Semjaša's cheek pressed into the dirt, his knees wedged into the soft soil and all the weight of Michael pressed into his back, pinning him. For all the furious pressure of a maddened archangel restraining him, Semjaša maintained an expression of apathy that I could only interpret as shock. Past mourning and madness, he was empty now. His world, his daughter and now his life, all lost to the turbulance of war, piety and morality. Other men's morality. I was tired, I was in pain and I lacked tact.
"Were there no beautiful women in Eden Semjaša?" I sneered, all spite and petty self righteousness.
His empty eyes slowly found me. They lacked recognition and I saw the abyss inside him. The chasm of loss and loneliness so alien from what I thought possible. Then he smiled in a manner both quaint and sad, for it lacked sincerity, aching instead with wistful detachment.
"You are children. So young and naive'. So exciting and eager to please. Quick to love and simple to please." He spoke.
I was incensed beyond reason. "We're not here for amusement!" I threw myself at his prone shape, screaming the words, but Uriel held me back. I don't know where he came from. Maybe he had been in the palace the whole time. His grip was undeniable and I hung mid-flight with impotent rage. "We're human beings! We feel! We bleed! You took and took and used us and threw us aside!" I was hysterical and I didn't care. Neither archangel said a word, with Michael concentrating on restraining the villain and Uriel... well, I couldn't bring myself to check his expression, but his grip remained firm. But I wanted Semjaša to react. I wanted to see remorse, or guilt or defiance. Anything to put passion to the magnitude of his actions. But he remained infuriatingly becalmed in the mire of his near-catatonia.
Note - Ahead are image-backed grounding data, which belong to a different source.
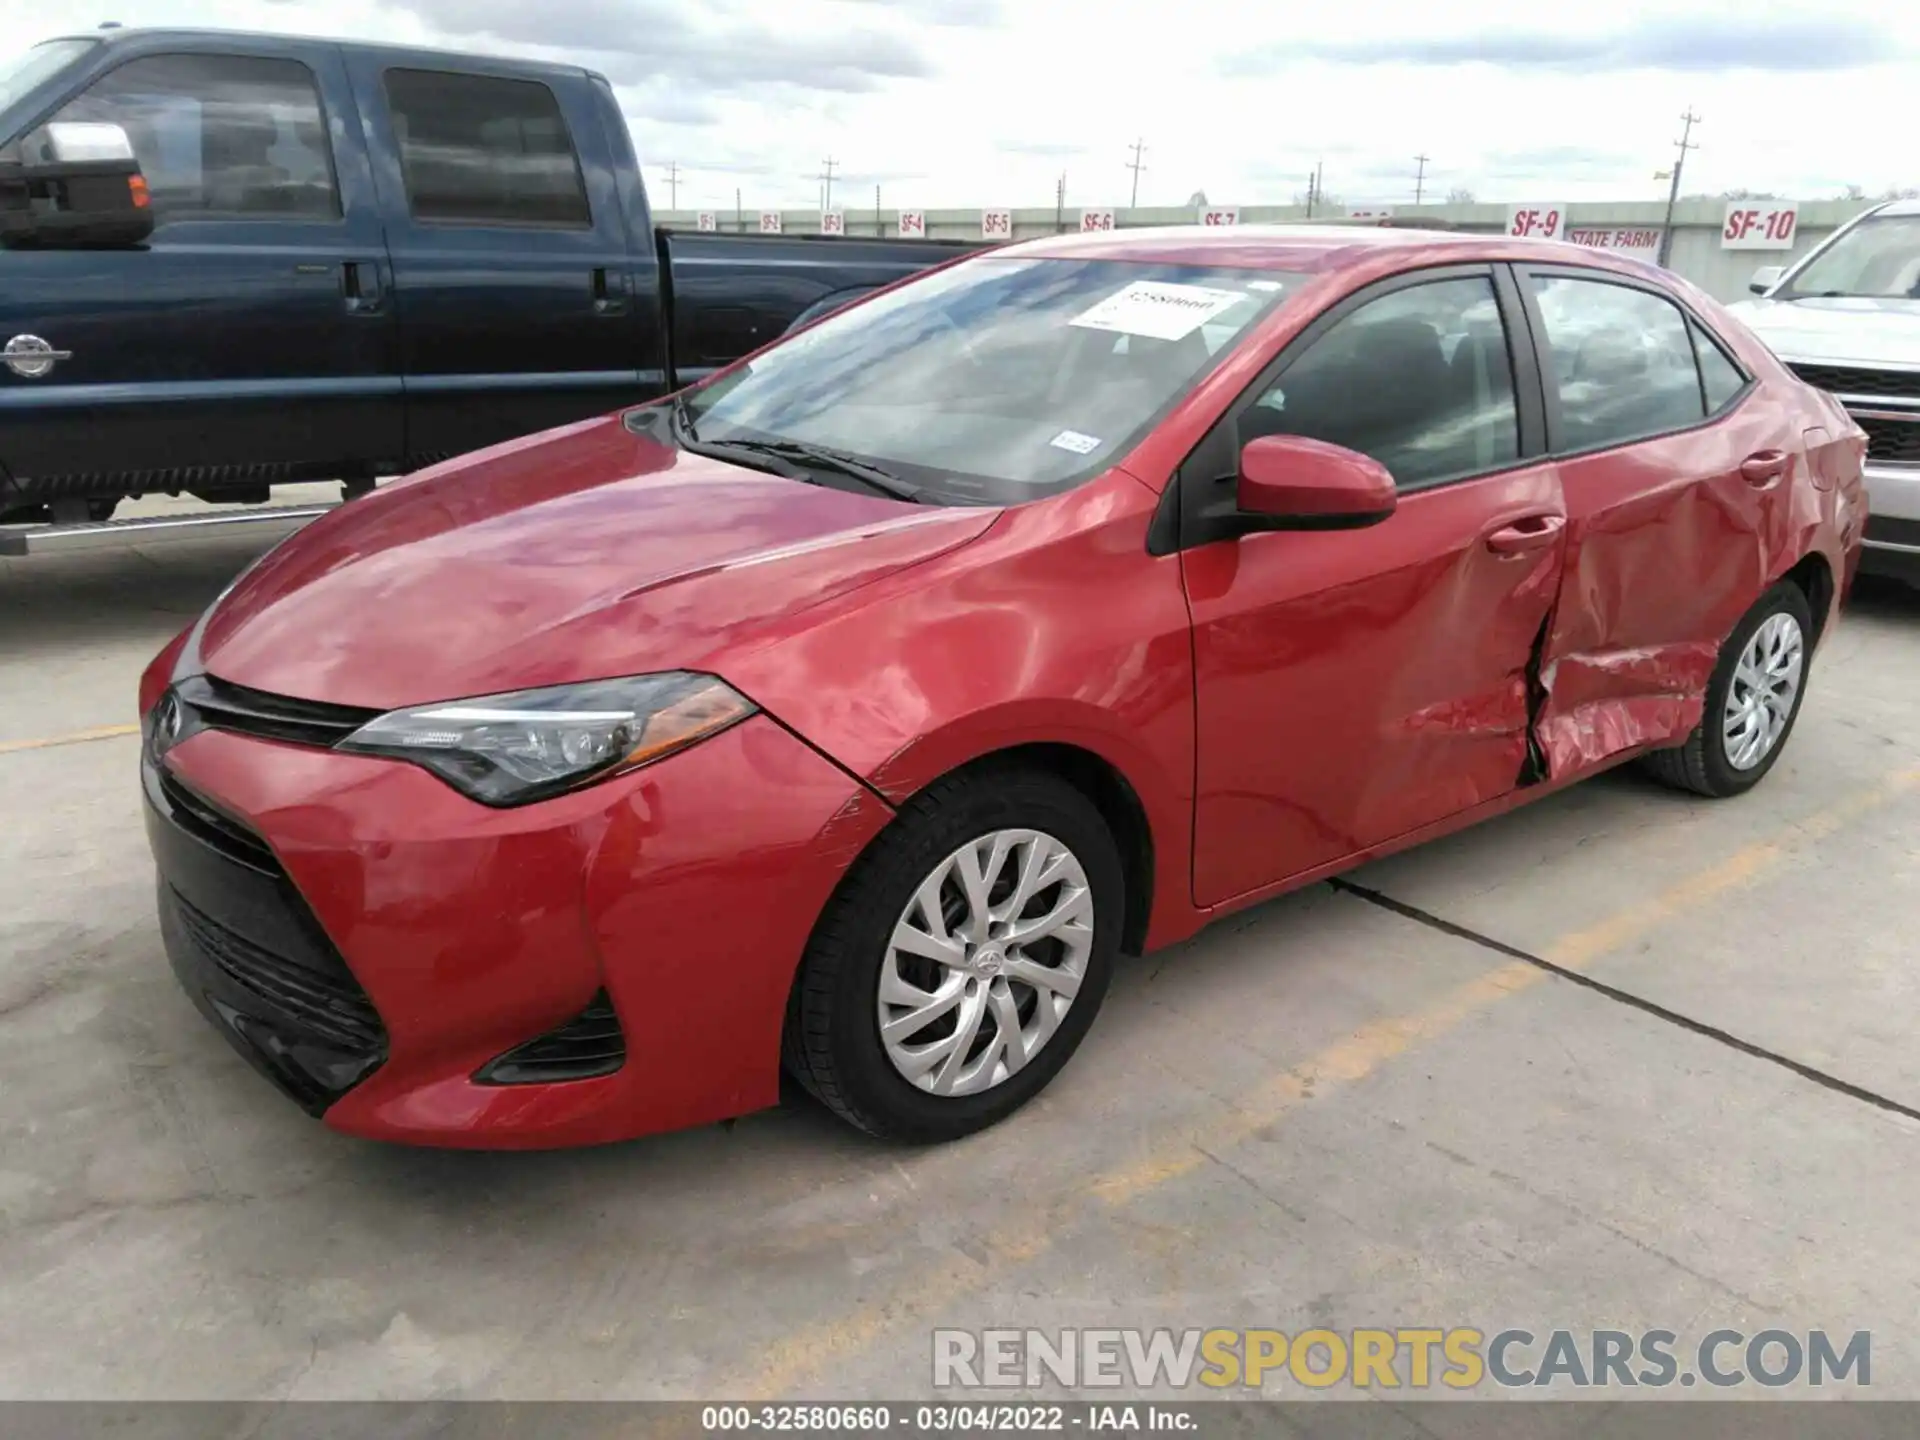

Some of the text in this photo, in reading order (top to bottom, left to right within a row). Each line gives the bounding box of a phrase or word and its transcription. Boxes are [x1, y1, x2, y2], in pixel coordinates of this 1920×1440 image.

[901, 214, 921, 232] SF-4
[985, 213, 1008, 232] SF-5
[1083, 213, 1111, 231] SF-6
[1511, 210, 1559, 237] SF-9
[1724, 209, 1796, 240] SF-10
[1571, 230, 1659, 249] STATE FARM
He looked up at me again and blinked. And something of the old self returned as I saw recognition flicker in his dark eyes. "You." He sampled a thought in that inhuman mind before continuing. "You should know, you should understand. That's why you loved her and why she hurt you."
This new approach disarmed me, diffused me.
"We're older. All of us in this chamber." He seemed to notice the two angels for the first time. "We are of a different kin to the children outside of Eden. It hurt too much to Love our own."
Bile rose in my throat at the awful realisation. At my heinous collusion with this beast and all his kind. My self inflicted agony, the product of haughty exclusivity. While he could not bear the ambivalence and taxing requirements of such a romance, I had thrown my whole self into the pursuit. The only difference was our circumstance. He had been surrounded by it, by that calibre of partner, and seen something gentler and simpler and easier beyond Eden's gate. While I was surrounded by that gentle, foolish, immature passion and drew inwards to the dark heart of Eden. Both choices with immortal consequence, and neither refuted, even in our shared tragedy. How inhuman I had become.